To solve the above problems, this paper constructs a multi-layer scene map for AVP tasks: first, a visual language model is used to extract open-world semantics, which are embedded into the nodes of a vector map; then, the map is abstracted into scenes through bottom-up feature fusion, ultimately forming a clear and informative multi-layer scene map.

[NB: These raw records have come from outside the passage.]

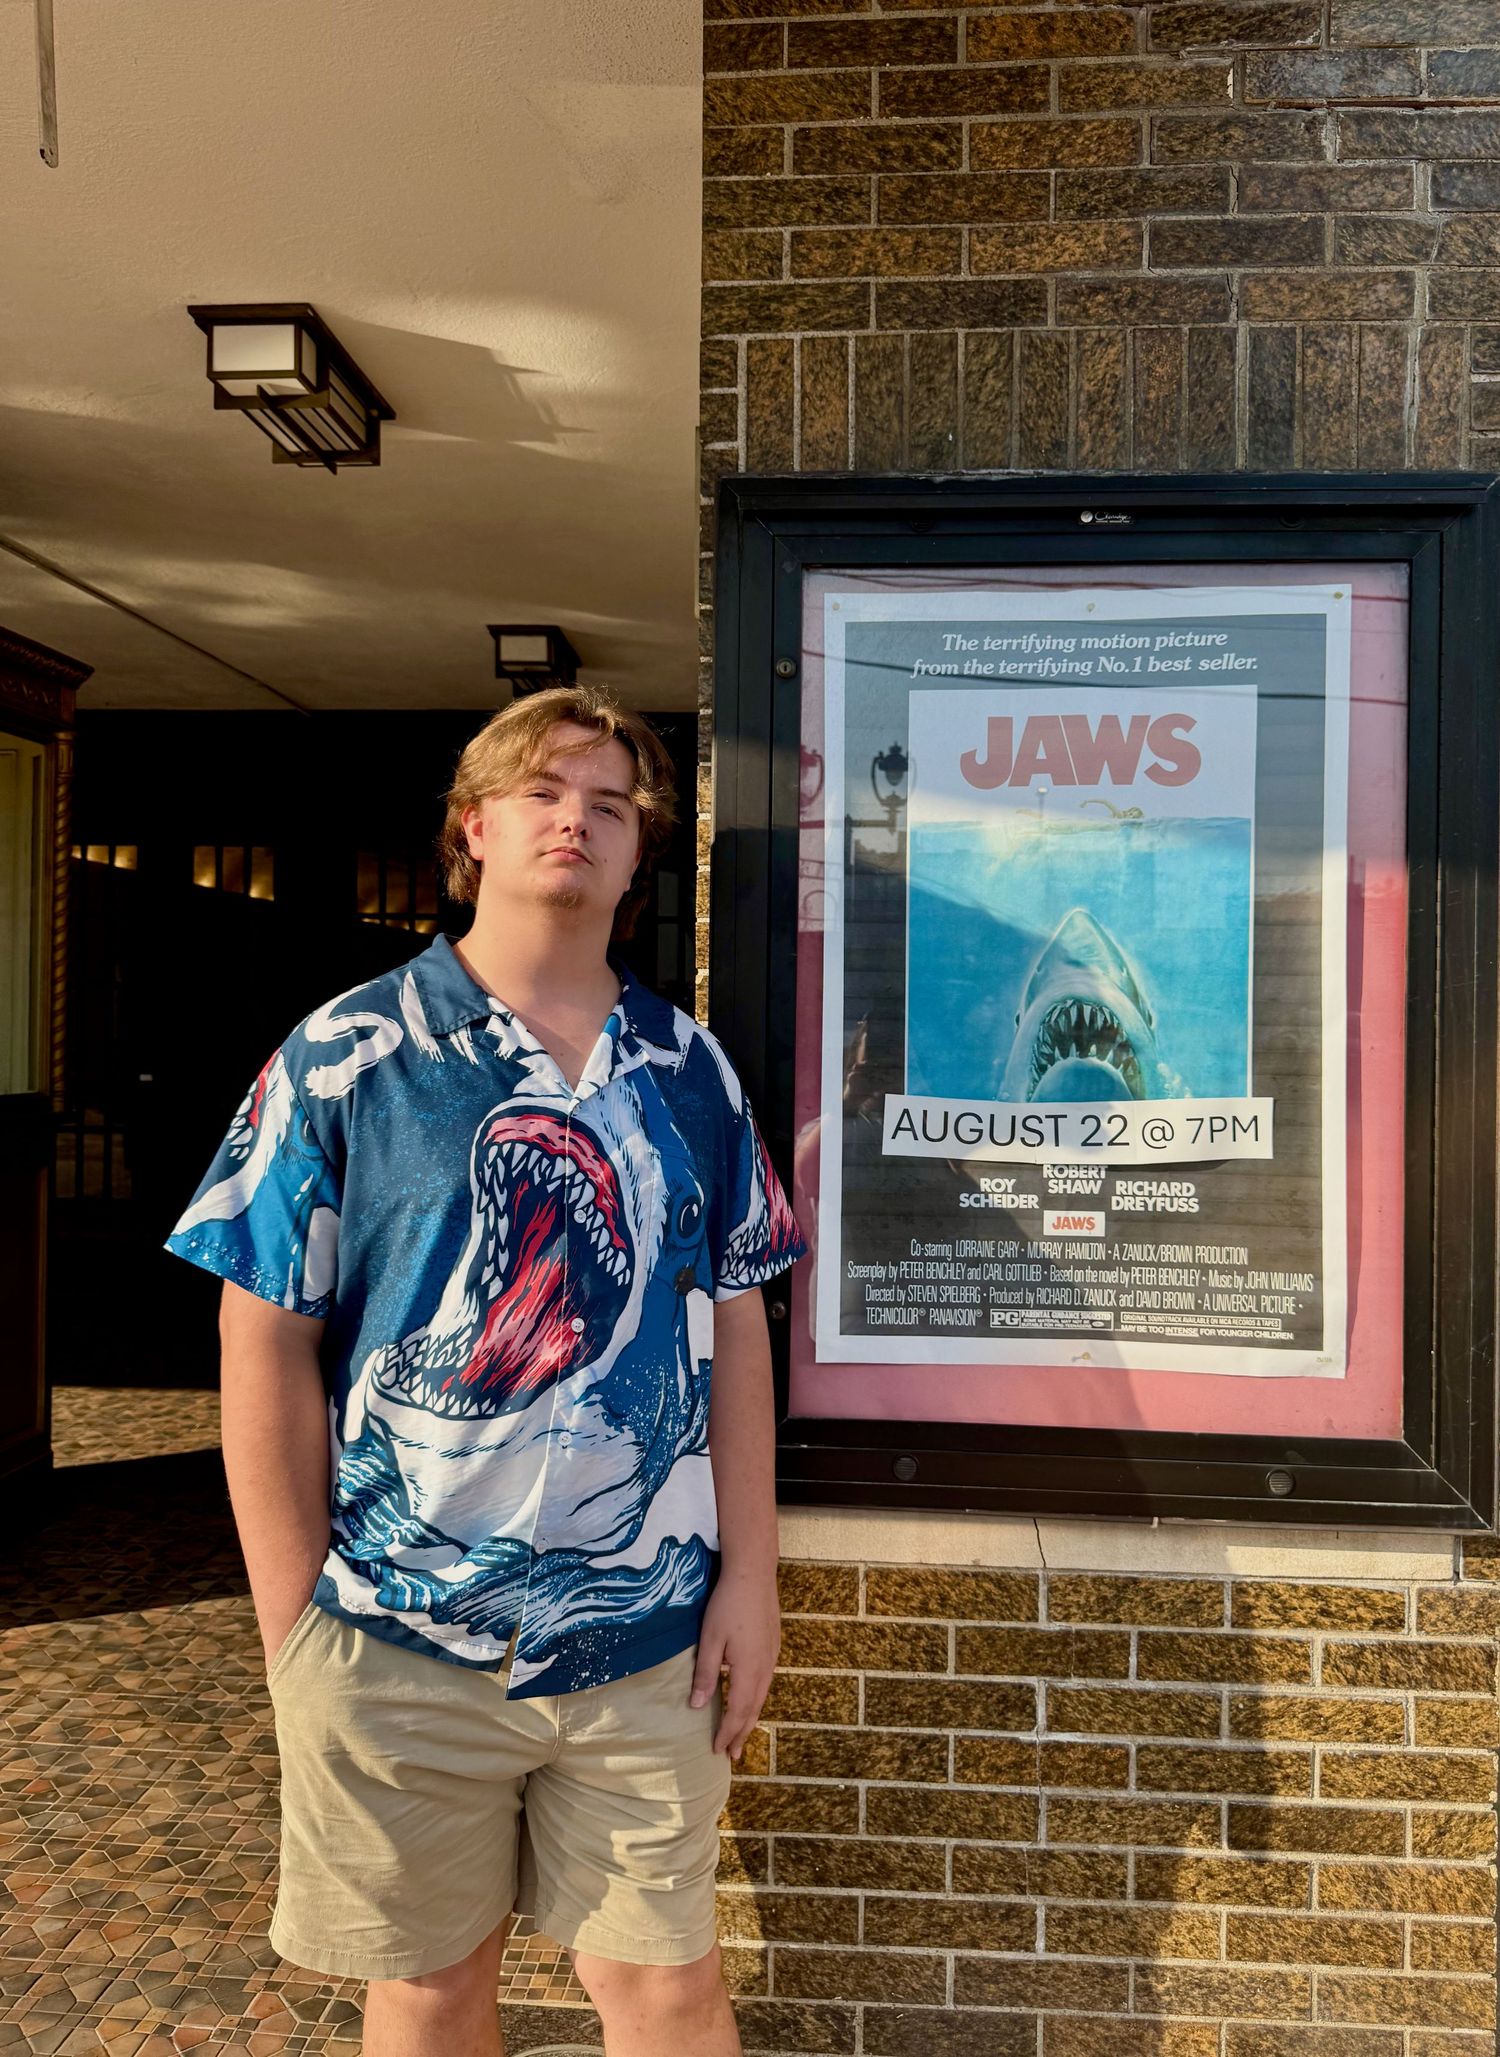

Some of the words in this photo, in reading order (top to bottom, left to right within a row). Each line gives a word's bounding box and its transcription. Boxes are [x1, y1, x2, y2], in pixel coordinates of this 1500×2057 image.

[942, 634, 979, 651] The
[983, 633, 1077, 654] terrifying
[1081, 633, 1150, 649] motion
[1153, 631, 1228, 652] picture
[909, 658, 959, 679] from
[963, 658, 995, 675] the
[998, 656, 1093, 678] terrifying
[1147, 655, 1192, 673] best
[1198, 653, 1258, 670] seller.
[959, 712, 1202, 790] JAWS
[890, 1107, 1067, 1148] AUGUST
[1080, 1114, 1130, 1147] 22
[1141, 1118, 1175, 1150] @
[1185, 1115, 1259, 1145] 7PM
[1042, 1164, 1108, 1179] ROBERT
[979, 1178, 1016, 1193] ROY
[1048, 1179, 1102, 1195] SHAW
[1115, 1180, 1196, 1197] RICHARD
[959, 1193, 1040, 1209] SCHEIDER
[1111, 1196, 1200, 1213] DREYFUSS
[1051, 1216, 1096, 1231] JAWS
[910, 1238, 952, 1261] Co-starring
[955, 1239, 996, 1258] LORRAINE
[997, 1240, 1020, 1259] GARY
[1027, 1241, 1063, 1260] MURRAY
[1065, 1242, 1106, 1260] HAMILTON
[1112, 1243, 1121, 1261] A
[1122, 1243, 1193, 1264] ZANUCK/BROWN
[1195, 1245, 1249, 1265] PRODUCTION
[847, 1260, 887, 1283] Screenplay
[888, 1260, 899, 1283] by
[899, 1261, 924, 1279] PETER
[925, 1261, 966, 1280] BENCHLEY
[967, 1263, 981, 1280] and
[983, 1262, 1004, 1281] CARL
[1005, 1263, 1042, 1282] GOTTLIEB
[1050, 1264, 1074, 1282] Based
[1074, 1268, 1085, 1283] on
[1085, 1265, 1098, 1283] the
[1098, 1266, 1119, 1284] novel
[1119, 1266, 1131, 1289] by
[1131, 1266, 1158, 1286] PETER
[1158, 1267, 1201, 1288] BENCHLEY
[1208, 1269, 1233, 1289] Music
[1233, 1270, 1244, 1293] by
[1245, 1270, 1270, 1290] JOHN
[1270, 1271, 1315, 1293] WILLIAMS
[865, 1283, 895, 1302] Directed
[896, 1284, 907, 1306] by
[907, 1284, 938, 1303] STEVEN
[939, 1285, 981, 1304] SPIELBERG
[989, 1286, 1024, 1305] Produced
[1025, 1287, 1036, 1309] by
[1036, 1287, 1073, 1306] RICHARD
[1082, 1287, 1118, 1307] ZANUCK
[1118, 1289, 1135, 1308] and
[1136, 1290, 1162, 1309] DAVID
[1162, 1291, 1196, 1310] BROWN
[1203, 1292, 1212, 1311] A
[1212, 1293, 1260, 1313] UNIVERSAL
[1260, 1294, 1297, 1315] PICTURE
[991, 1311, 1019, 1327] PG
[1121, 1324, 1136, 1333] MAY
[1137, 1325, 1148, 1333] BE
[1148, 1325, 1165, 1334] TOO
[1165, 1326, 1199, 1336] INTENSE
[1200, 1328, 1217, 1337] FOR
[1217, 1329, 1254, 1338] YOUNGER
[1254, 1330, 1294, 1340] CHILDREN
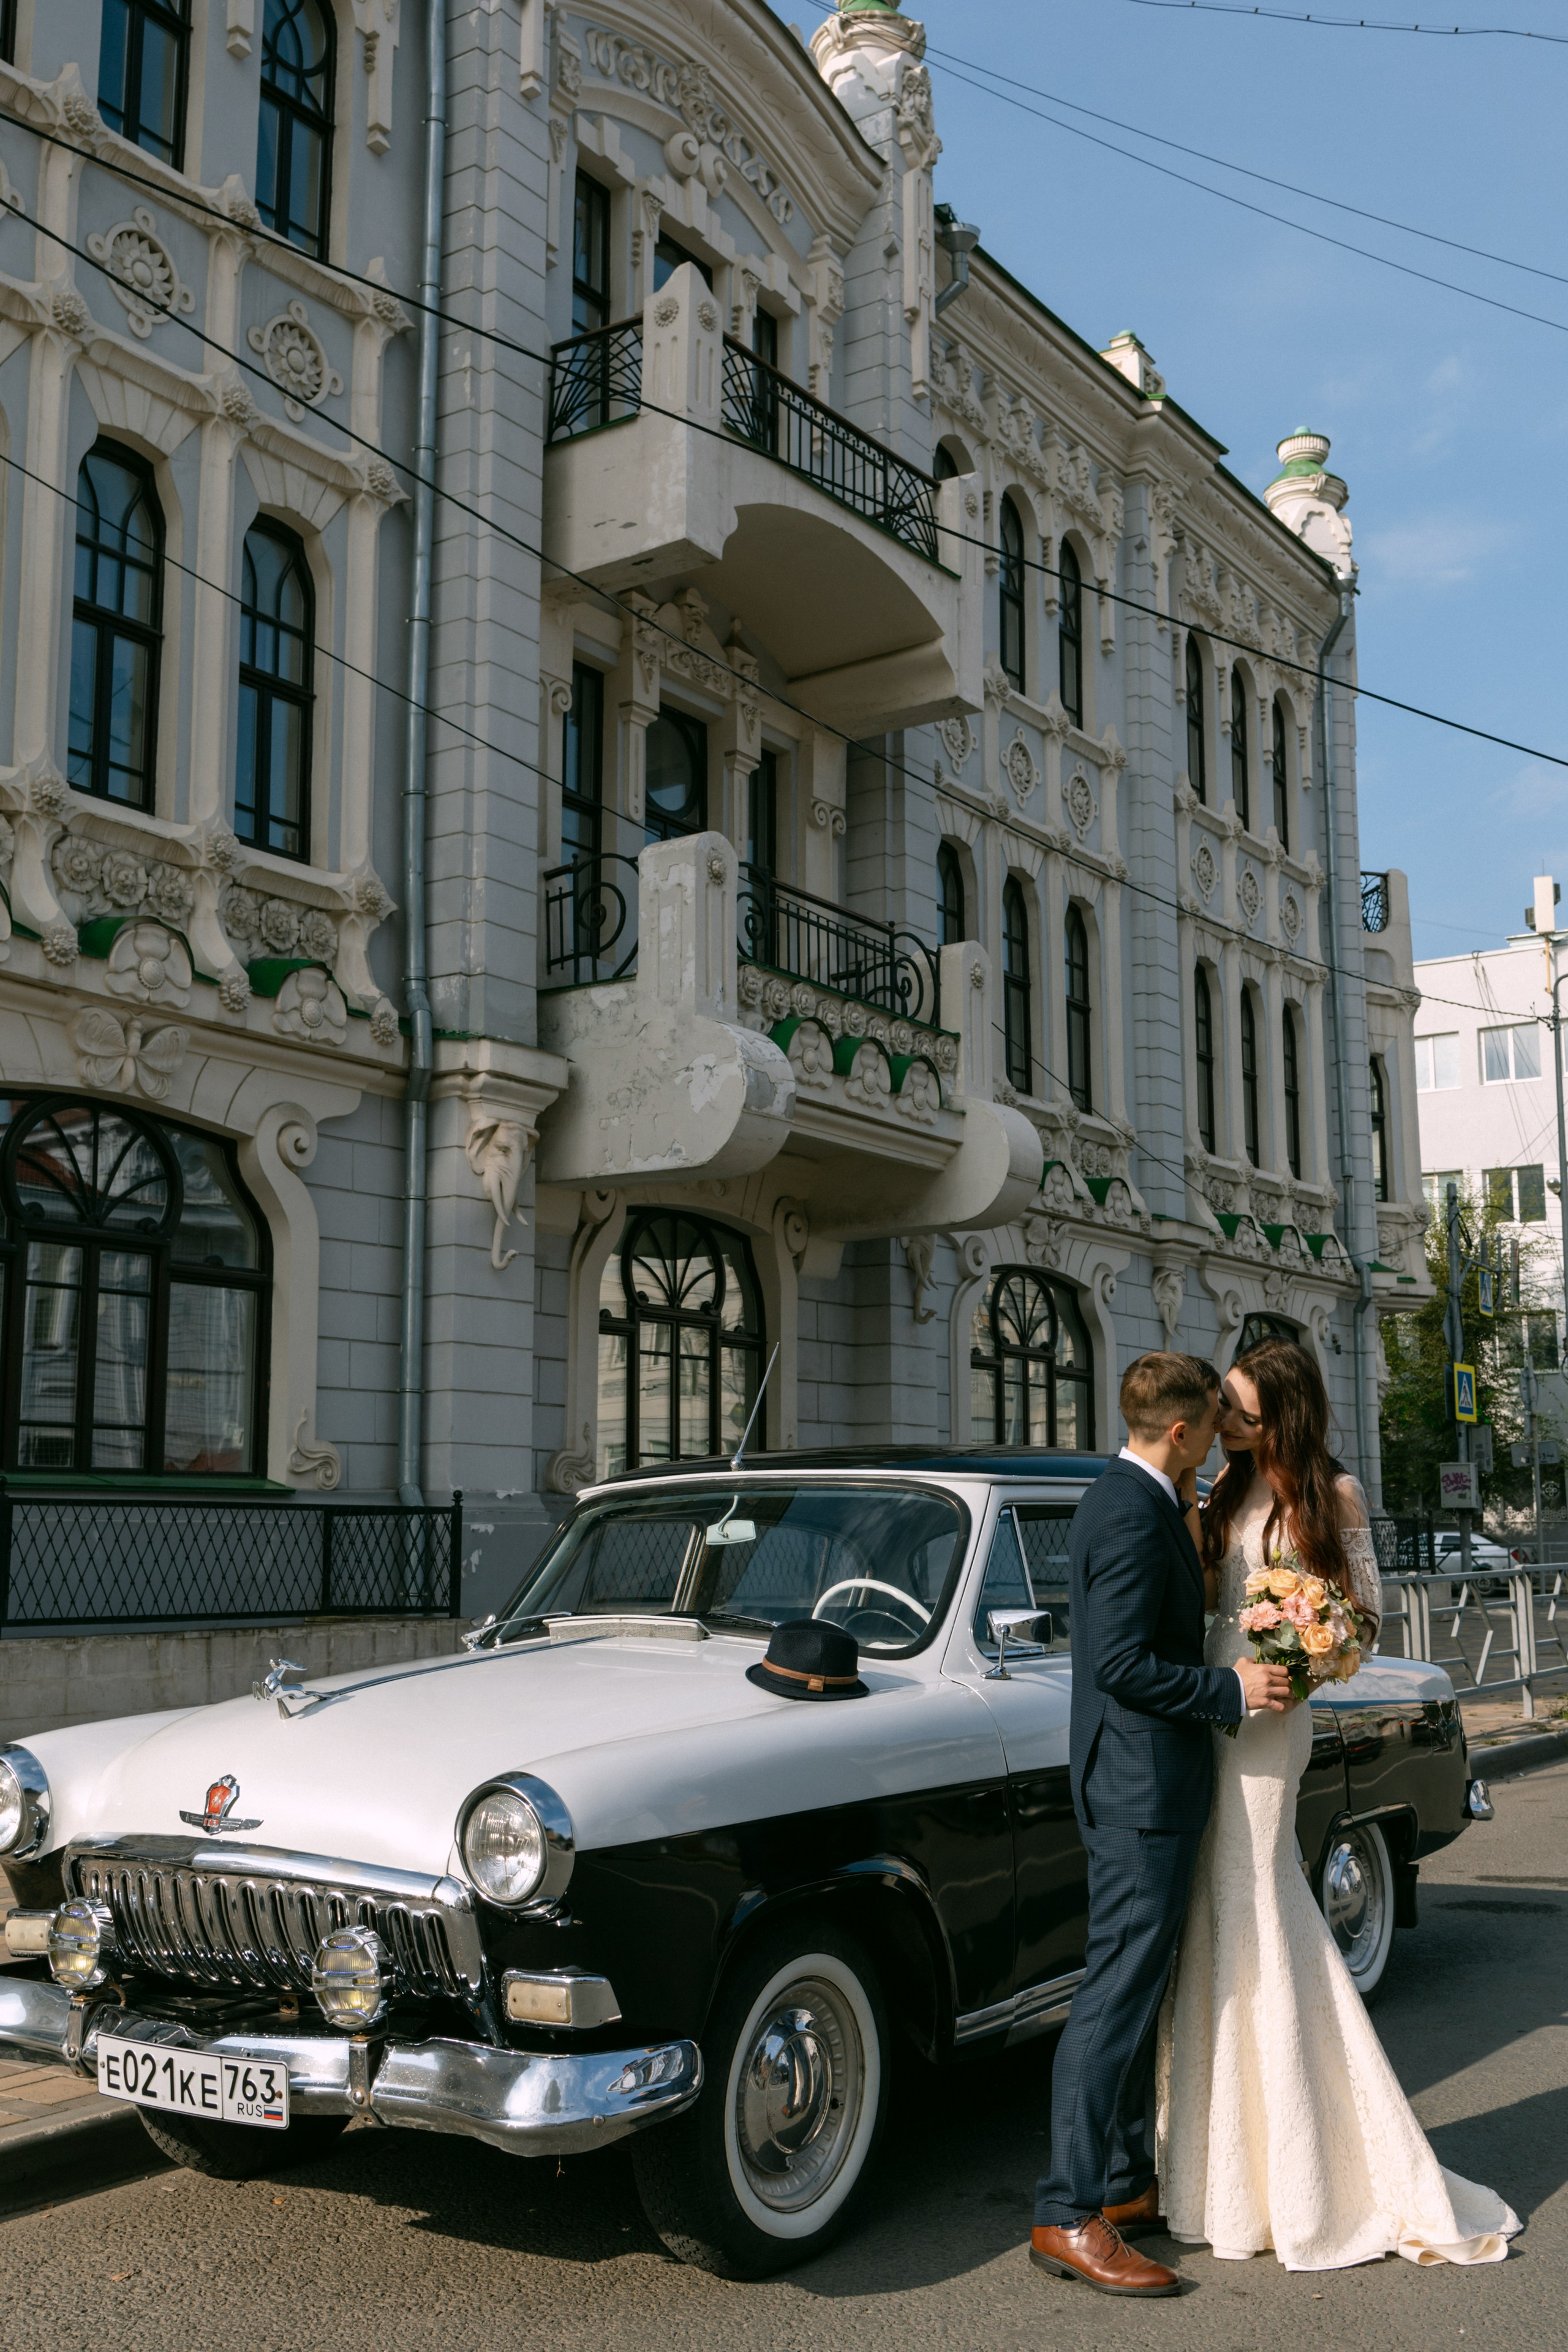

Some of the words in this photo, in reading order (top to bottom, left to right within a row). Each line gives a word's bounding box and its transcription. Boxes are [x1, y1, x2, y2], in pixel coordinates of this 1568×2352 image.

In addition, the paper proposes a top-down navigation method: first, a large model is used to achieve human-machine interaction, extracting navigation goals from the driver's instructions; then, the target is located in a top-down manner by leveraging the efficient retrieval of the graph structure; finally, the optimal route was generated from the path planning algorithm to achieve Autonomous Valet Parking.

图片1

Method Framework Diagram

As shown in the figure below, traditional maps exhibit shortcomings in restricted semantics and limited human-machine interaction; whereas the proposed method can extract navigation goals from human instructions such as "Navigate me to the garage exit" or "Park the car next to the elevator hall on B2 floor", achieving flexible and accurate as expected by drivers.

图片2

                       

 

Author Profile

牟相如

Xiangru Mou

2024 Ph.D. candidate of Global Institute of Future Technology, SJTU. Research interests: Automatic parking mapping, end-to-end autonomous driving.

陈丰毅

Fengyi Chen

2024 Ph.D. candidate of Global Institute of Future Technology, SJTU. Research interests: Robot imitation learning, reinforcement learning.

陈思源

Siyuan Chen

2023 Master's student of School of Automation and Intelligent Sensing, SJTU. Research interests: Autonomous driving planning and control, V2X systems.

秦通

Tong Qin

Associate Professor of Global Institute of Future Technology, SJTU. Prof Qin earned his Ph.D. degree from the Department of Electronic and Computer Engineering at the Hong Kong University of Science and Technology and previously worked at Intelligent Automotive Solution BU of Huawei. Qin was selected as one of Huawei's "Genius Youth." During his tenure as a perception and SLAM expert at Huawei, he contributed to the development of the Huawei ADS autonomous driving system, delivering lead-edge solutions that have been commercially deployed in multiple vehicle models. In recent years, he has published over ten high-quality papers as first/corresponding author in top-tier robotics journals and conferences such as TRO, JFR, RAL and ICRA. He received the IROS 2018 Best Student Paper Award and a TRO Best Paper Nomination Award. Research interests: Autonomous driving perception, mapping and localization; end-to-end AI large models; mobile robot SLAM.